**WORK TASK**
Copy out again, unchanged, the line that contains "this 1360×1360 image." and every line after it down to the last line of the data.

**Free-text object descriptions**
--

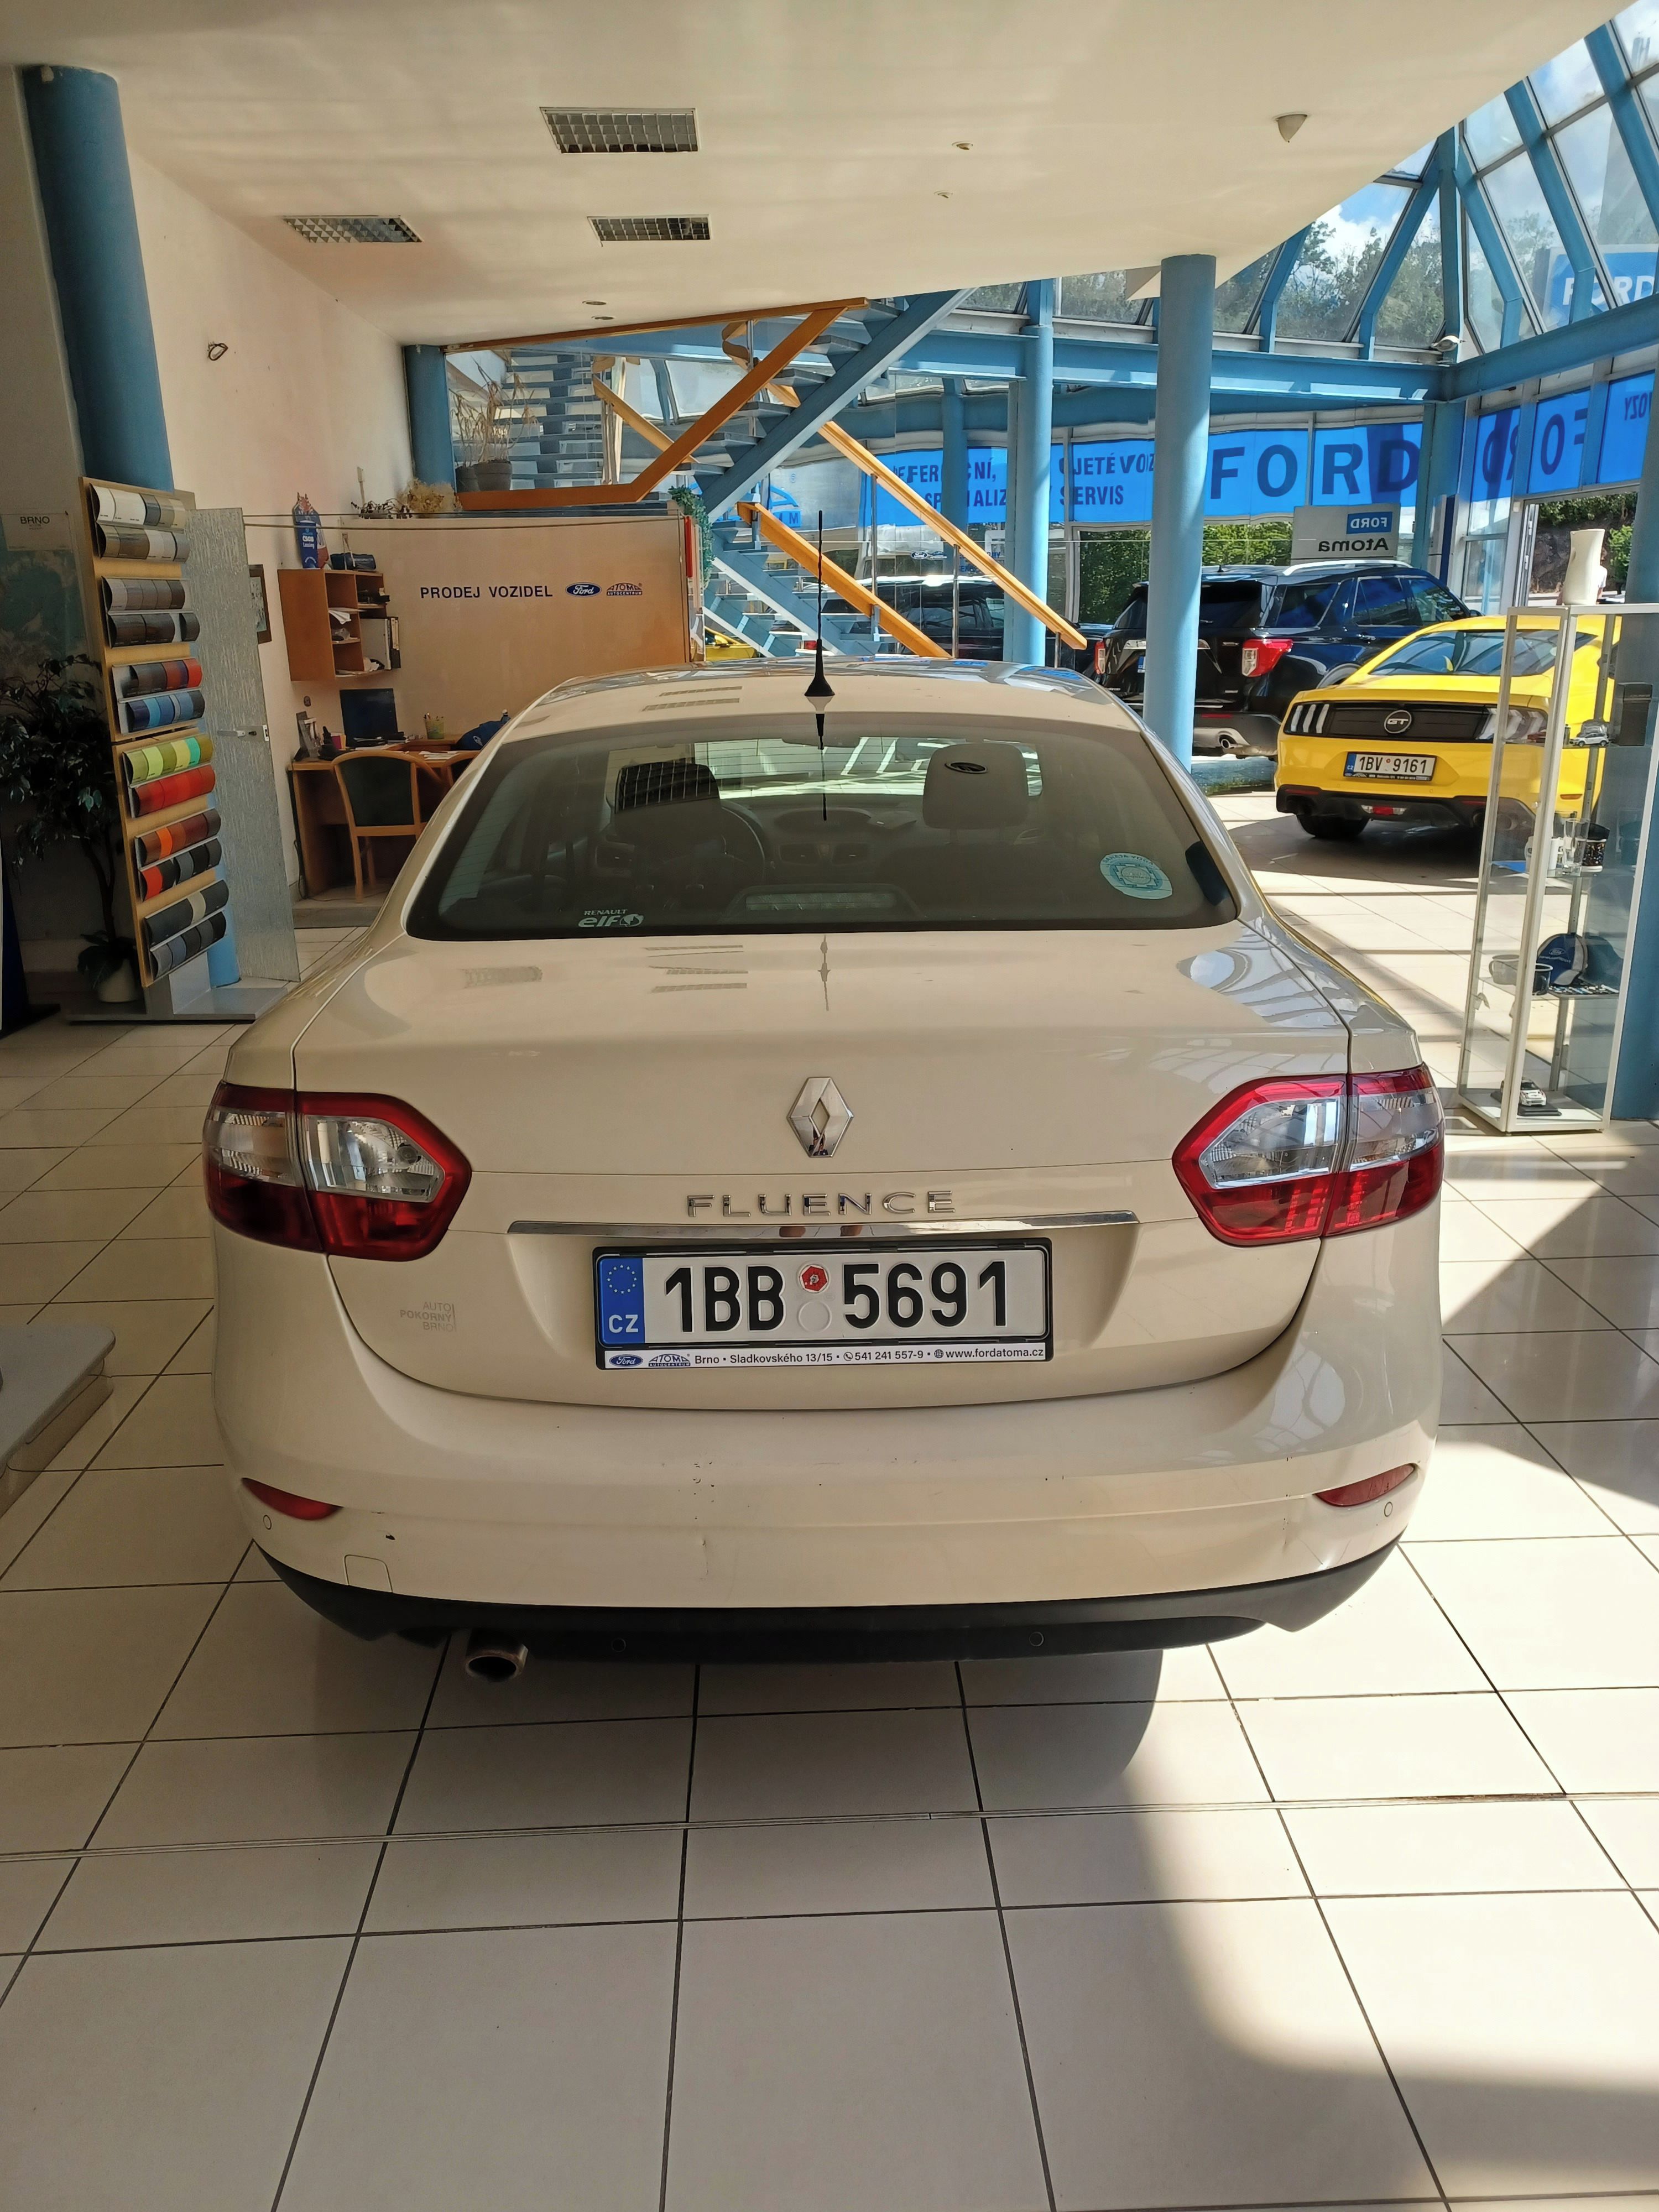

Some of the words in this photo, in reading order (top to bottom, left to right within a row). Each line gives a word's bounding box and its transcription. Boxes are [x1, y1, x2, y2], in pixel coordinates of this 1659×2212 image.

[1210, 440, 1421, 499] FORD
[20, 516, 50, 524] BRNO
[420, 586, 480, 599] PRODEJ
[489, 585, 552, 598] VOZIDEL
[572, 584, 594, 595] Ford
[1359, 756, 1384, 771] 1BV
[1392, 758, 1427, 774] 9161
[578, 915, 620, 927] elf
[686, 1190, 956, 1218] FLUENCE
[664, 1266, 785, 1333] 1BB
[844, 1260, 1007, 1329] 5691
[422, 1301, 452, 1312] AUTO
[399, 1308, 452, 1322] POKORNÝ
[423, 1321, 454, 1332] BRNO
[608, 1314, 639, 1334] CZ
[615, 1356, 637, 1365] Ford
[695, 1355, 719, 1364] Brno
[730, 1353, 803, 1363] Sladkovského
[805, 1352, 833, 1363] 13/15
[854, 1352, 872, 1361] 541
[875, 1352, 892, 1360] 241
[895, 1350, 924, 1359] 557-9
[946, 1347, 1044, 1358] www.fordatoma.cz
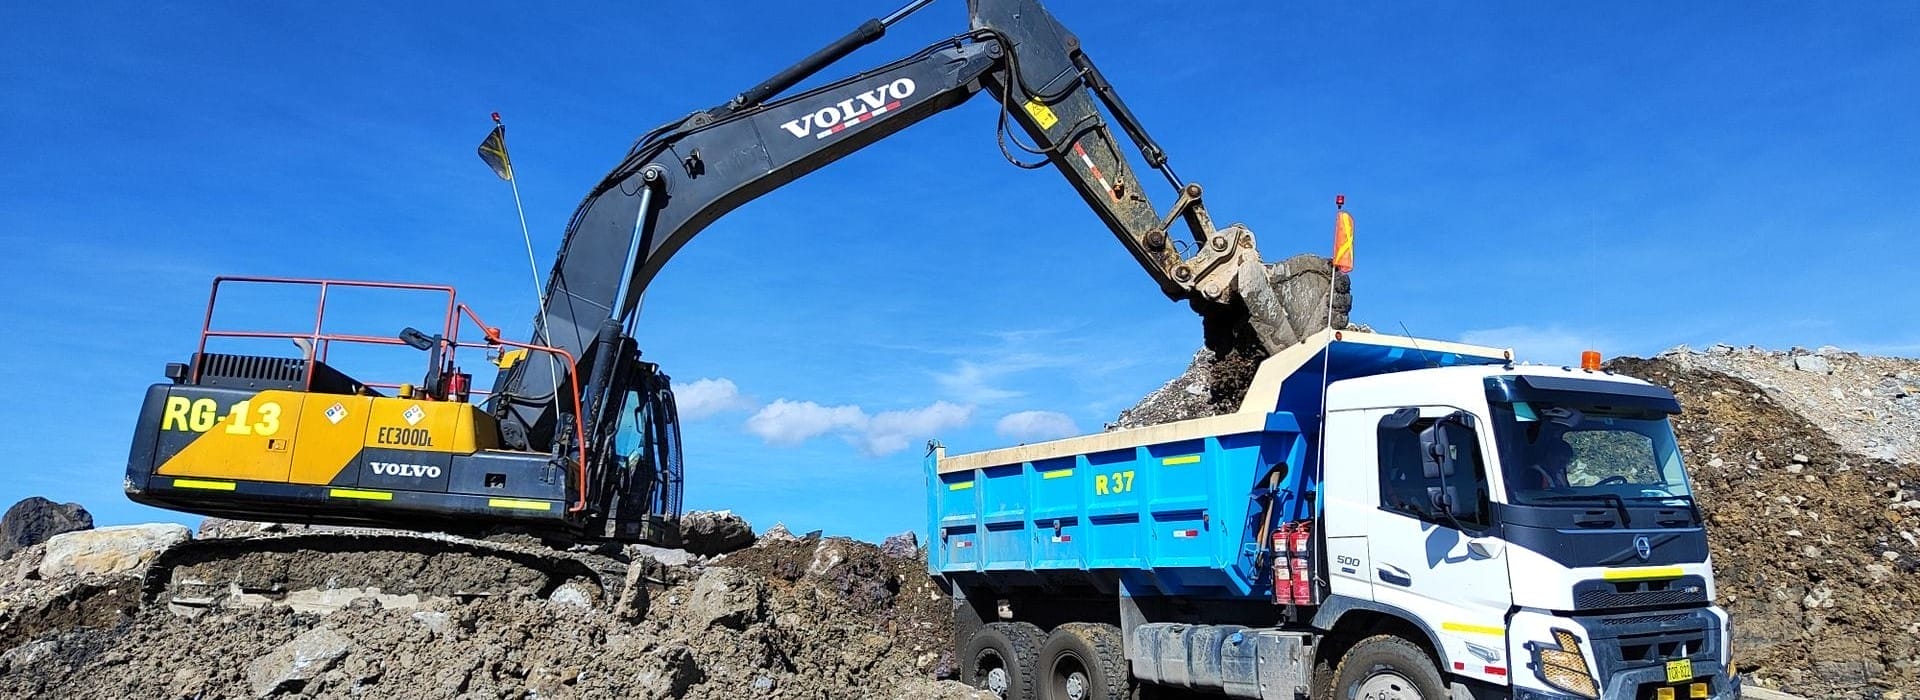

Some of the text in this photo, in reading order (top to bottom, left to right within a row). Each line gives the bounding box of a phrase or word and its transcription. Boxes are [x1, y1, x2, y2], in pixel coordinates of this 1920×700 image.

[780, 78, 916, 138] VOLVO
[162, 396, 281, 436] RG-13
[370, 462, 441, 478] VOLVO
[1095, 471, 1134, 495] R 37
[1337, 555, 1360, 566] 500
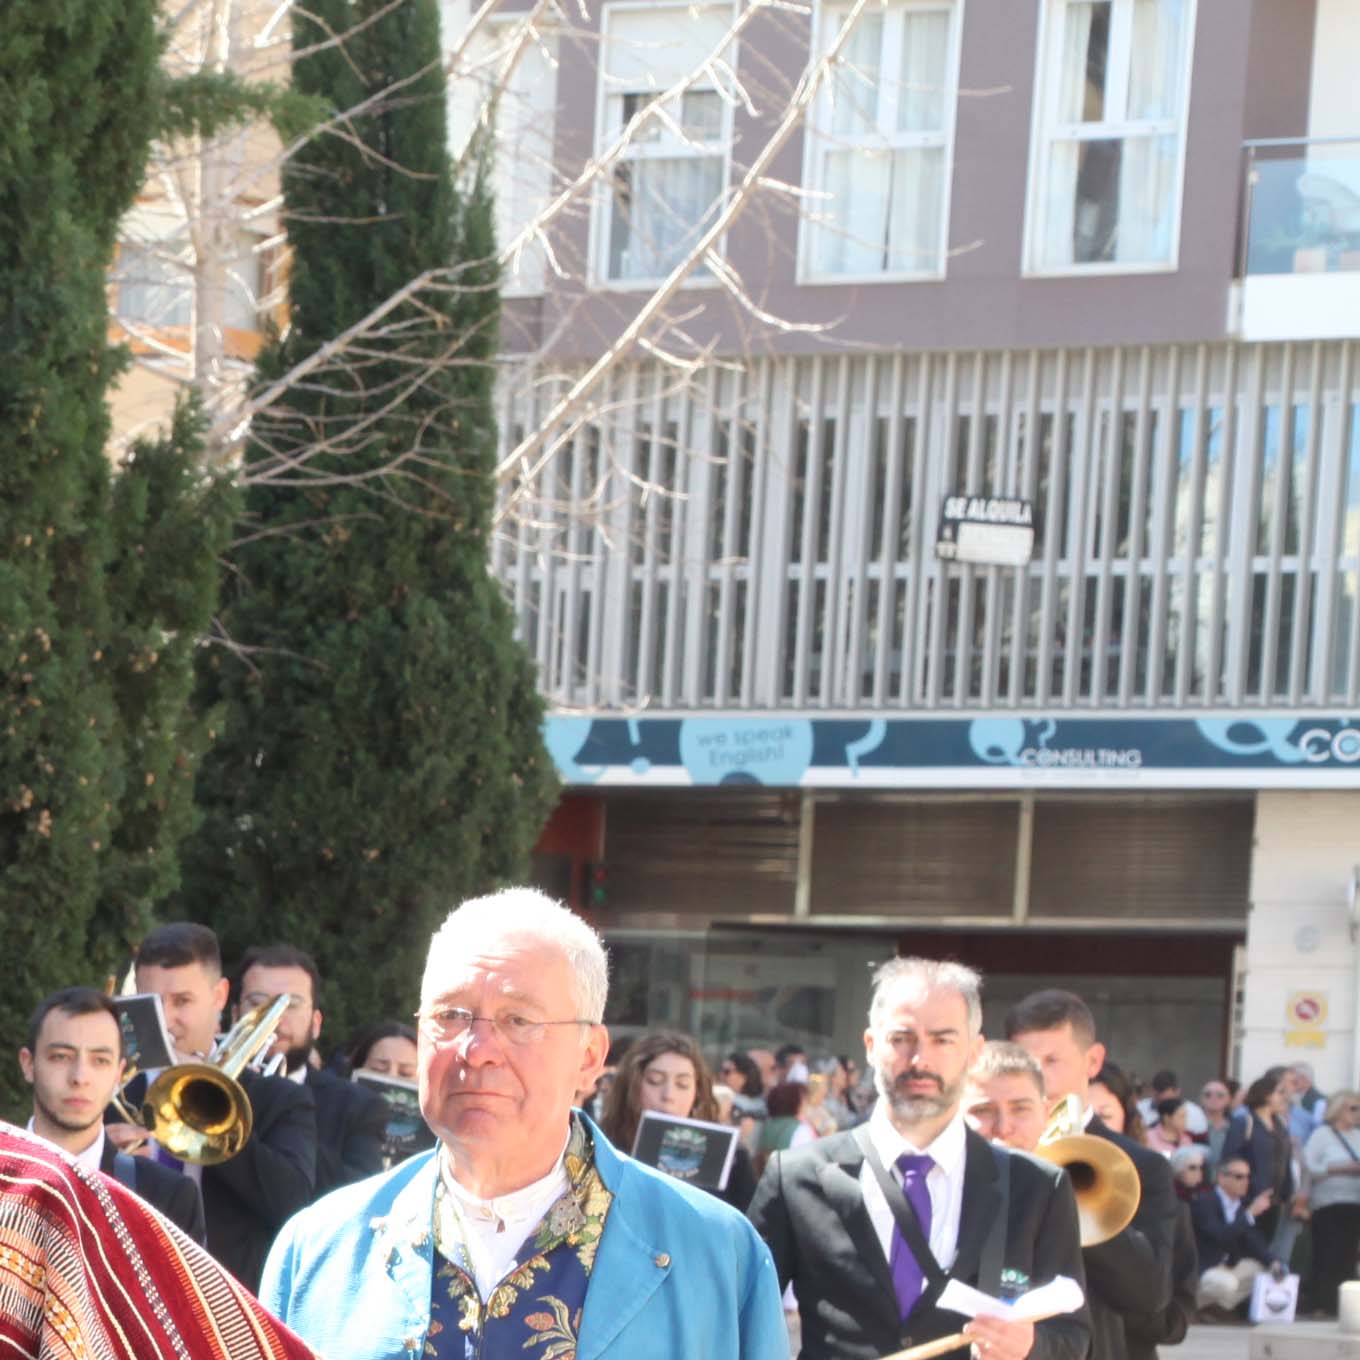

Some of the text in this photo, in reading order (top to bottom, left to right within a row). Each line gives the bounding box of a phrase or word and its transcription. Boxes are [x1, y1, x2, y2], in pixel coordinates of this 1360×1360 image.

[945, 496, 1033, 525] SE ALQUILA
[696, 725, 794, 746] we speak
[1019, 748, 1143, 767] CONSULTING

--

**EXERCISE SOLUTION**
Some of the text in this photo, in reading order (top to bottom, left to right within a row). Each line gives the bounding box of a phrase or word and its transcription. Boxes are [x1, y1, x2, y2], in pixel coordinates of this 1360×1360 image.

[945, 496, 1033, 525] SE ALQUILA
[696, 725, 794, 746] we speak
[1019, 748, 1143, 767] CONSULTING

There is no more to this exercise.